The recent convictions of Steve Wright and Mark Dixie, using DNA evidence, have increased the clamour for a national DNA database. Many police officers, some journalists and even a few bloggers argue that a database of everyone's DNA would make it easier and quicker for the police to catch violent criminals.
It probably would but a DNA database isn't the panacea that some are making it out to be. DNA profiling is not foolproof; there can sometimes be mis-matches. There have also been cases where a person's DNA has been found at a crime scene by chance. Where computerised data is seen as holding all the answers, it creates a mentality where few stop to question its validity. As long as "Computer says Yes", the everyone is happy, apart from the person desperately trying to protest his innocence.
A national DNA database would also be extremely expensive. It would require the creation of a national database of all people resident in the UK, similar to that being proposed for the identity cards system.
For now, the government has dismissed the idea of compulsory DNA profiling but this is probably due to political expediency. There are MPs on both sides who favour such a measure and it will almost certainly be proposed again soon.
While I sympathise with some of the points of principle raised by civil libertarians about the relationship between the citizen and the state and presumptions of guilt and innocence, I have deeper concerns about giving my DNA profile away to...., well, to anyone actually.
Whether or not you agree with his political views, James Watson did us all a favour when he posted his DNA analysis on-line. It yielded information about his ancestry and about his genetic risk of disease, for example:
- Age-related macular degeneration (blindness) - 20% less than average
- Asthma - 31% less than average
- Breast cancer - 1.45 times greater than average
- Coeliac disease - 66% less than average
- Colon (bowel) cancer - 16% greater than average
- Glaucoma - 1.42 rimes greater than average
- Inflammatory bowel disease - 31% less than average
- Multiple sclerosis - 29% greater than average
- Heart attack - 33% less than average
- Obesity - 5% greater than average
- Prostate cancer - 1.02 times greater than average
- Psoriasis - 31% less than average
- Restless leg - 29% less than average
- Rheumatoid arthritis - 20% greater than average
- Type 1 diabetes - 65% less than average
- Type 2 diabetes - 33% greater than average
Now how useful would that sort of information be to life and medical insurance companies, or even to prospective employers?
Of course, if a national DNA database were to be established there would be all sorts of safeguards and guarantees of security.
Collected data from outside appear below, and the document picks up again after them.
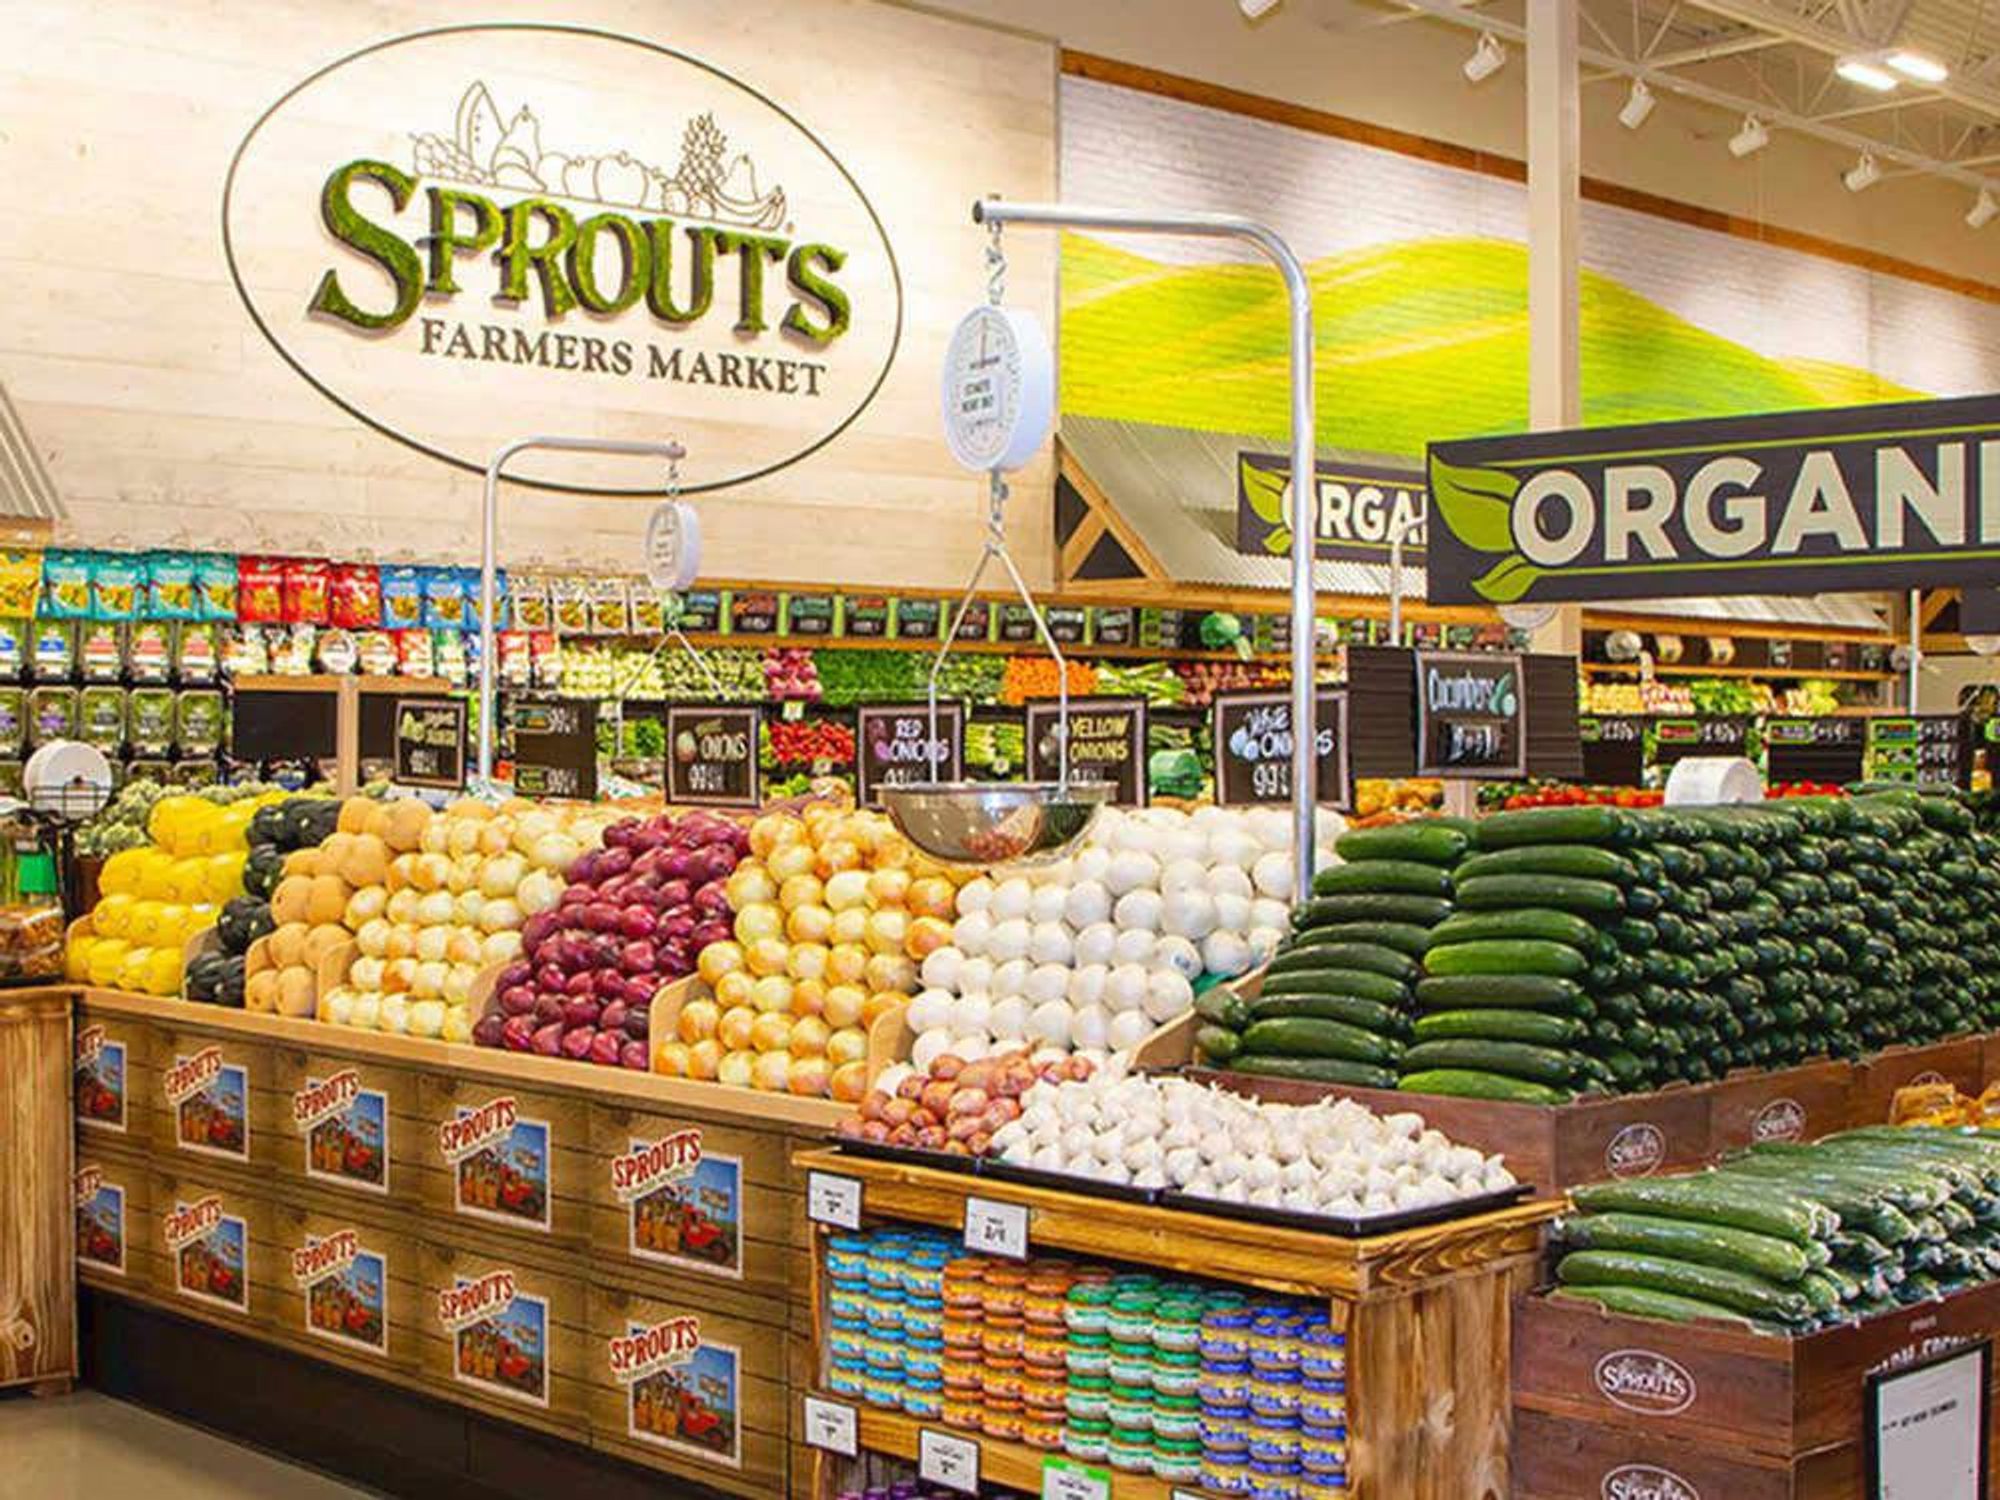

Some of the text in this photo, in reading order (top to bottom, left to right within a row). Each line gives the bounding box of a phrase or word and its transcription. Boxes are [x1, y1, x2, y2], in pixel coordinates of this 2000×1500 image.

[308, 159, 852, 350] SPROUTS
[420, 316, 827, 396] FARMERS MARKET
[1510, 440, 2000, 568] ORGANI
[1070, 717, 1129, 737] YELLOW
[1070, 740, 1129, 762] ONIONS
[441, 1100, 515, 1151] SPROUTS
[613, 1132, 701, 1188] SPROUTS
[440, 1273, 513, 1319] SPROUTS
[610, 1319, 698, 1369] SPROUTS
But given the number of occasions recently where the government has lost personal data, or even sold it to private organisations, how valid would these assurances be? A DNA database would have hundreds of users across the country. Any one of them could make a mistake or be bribed to pass on information. DNA data is already passed to private organisations for analysis. There is some evidence that one organisation, LGC, has set up its own DNA database as a result. How secure is this data in their hands?
Data protection legislation could be tightened up to ensure that people were able to find out if insurance companies had their DNA information. However, to ask for a disclosure about your data, you have to know which company is holding it in the first place. DNA data could be held by separate companies in countries outside UK or EU jurisdiction. If companies can set up offshore entities to avoid tax and financial regulation, they can do it to avoid data protection legislation too.
The first you'd know about it would be when one insurance company after another turned you down for life or medical insurance. The companies involved would deny that they held your DNA data and they would be telling the truth. Your data and the resulting risk assessment would be held on a system somewhere in Equatorial Guinea. The insurance companies would just need to access it as and when they needed the information.
Private detectives and criminals might find a person's DNA profile useful too.
A paranoid vision of the future? Perhaps, but as Joel Bakan said in his book, "The Corporation", companies will always try to privatise profits and socialise costs. If the insurance industry could get the UK taxpayer to fund a database that would enable it to mitigate its risks, a few quid to bribe someone for the results would be money well spent.
There is too much information on a person that can be gleaned from DNA. I would not be happy giving this information to anyone. I do not trust the state to keep this information secure and I do not trusts the state's agents not to sell it to those who would misuse it. Sure, most of the police and civil servants who would have access to such a system would be honest, but it would only take a few to be open to bribes or blackmail and the whole system would leak.
A DNA database might help catch a few more violent criminals more quickly but these potential benefits are outweighed by the consequences of putting such sensitive information onto a computer.
I'm glad that Steve Wright and Mark Dixie were caught and I feel sorry for the families of their victims. I wish the police every success in apprehending such people in the future.
All the same, I'm not a violent criminal and I haven't done anything wrong. For the reasons I've just given, I'd like to keep my DNA details to myself, please.